First, you make the distinction simply to know how to respond. If the vaccination is inherently dangerous, then it is unethical to use it or to advocate its use. We’ve seen over and over again that vaccination is not inherently dangerous, although there are specific risks that are inherent in the vaccine. These inherent risks need to be considered independently when advocating for, or recommending the use of vaccines. This is where the term “unavoidably unsafe” is used, because of the specific risks that the vaccine itself poses, which can not be ameliorated without negating the entire purpose of vaccination. In other words, vaccines stimulate the immune system to develop immunity, and there is always small risk to that– a risk much reduced compared to immunity provoked by the disease itself.
So again, a safe product that is delivered with negligence, sabotage or with accidental carelessness is still a safe product. Yet, it might be inappropriate to administer the safe product under circumstances where associated dangers can not be remedied.
Can contamination, drug mixups and other errors be avoided? Yes, they can. Vaccines and vaccine programs both remain safe and lifesaving, even when rare (but often highly publicized) tragedies do occur.

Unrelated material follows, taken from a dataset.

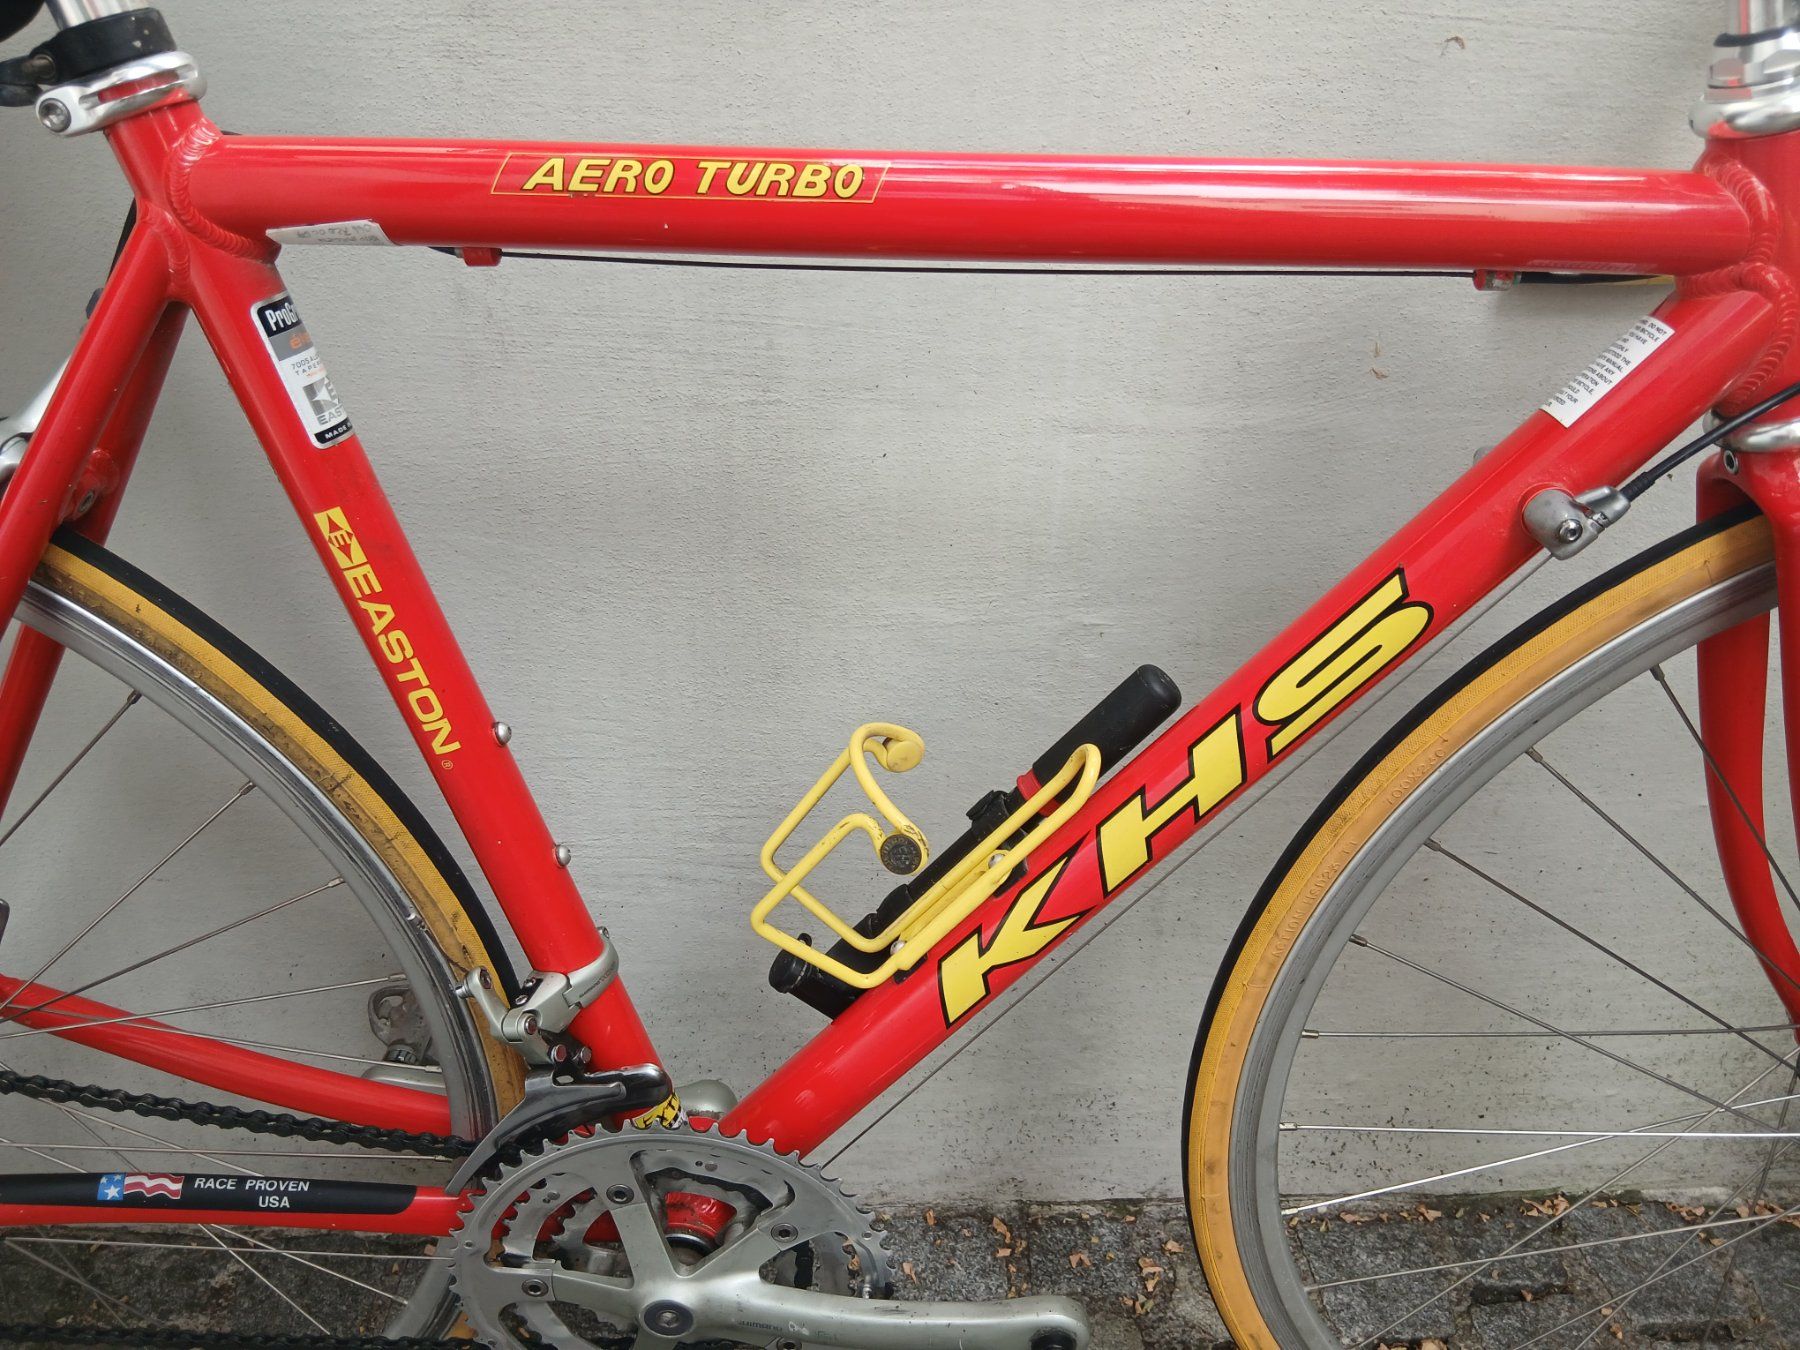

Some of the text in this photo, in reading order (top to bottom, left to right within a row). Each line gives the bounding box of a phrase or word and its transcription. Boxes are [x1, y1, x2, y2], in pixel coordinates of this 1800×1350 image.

If the error occurs during vaccine administration, such as a mixup or post-manufacturing contamination due to improper storage, then that needs to be addressed. Often, situations like that can be controlled and prevented with standardized storage and administration protocol. Reuse of needles is a dangerous practice that can occur with injections, and has occurred with vaccines, injected vitamins and other injected drugs. The problem– needle reuse– can be addressed without pointing the finger at the vaccine campaign, because vaccines can be safely administered without reusing needles. Hygeine during administration is also important, and may have been an issue in the situation in Mexico, as the government has stated that contamination was found outside of the vaccine– presumably meaning the vaccine vial. In that case, it sounds like someone didn’t wash his hands and subsequently handled the child and/or the vaccine. Again, speculation.
The crux of the issue is whether or not the problem is inherent in vaccines– do 60-80% of children who are vaccinated have to worry about severe reactions such as these? No, absolutely not. Rare, isolated clusters of error, improper administration and contamination are not applicable to the entire pediatric population.
Each regions its own risks, and in the US and other developed nations, storage procedures are such that the risks are mostly 1) the wrong vaccine is given, which uncommonly causes any problems at all and 2) the vaccine is ineffective due to improper storage, which is a serious problem because people will not be immune and may not realize it, but it is not a vaccine safety problem in the sense that the vaccine itself does not cause harm in that instance.
By discussing the real problems here, it doesn’t mean that those tragedies don’t matter, but that they have to be resolved honestly and not by indefinitely halting vaccination or placing the blame on unrelated issues, such as vaccine science or manufacture, or advocacy for aid in the form of preventive vaccines, when those are not the problems.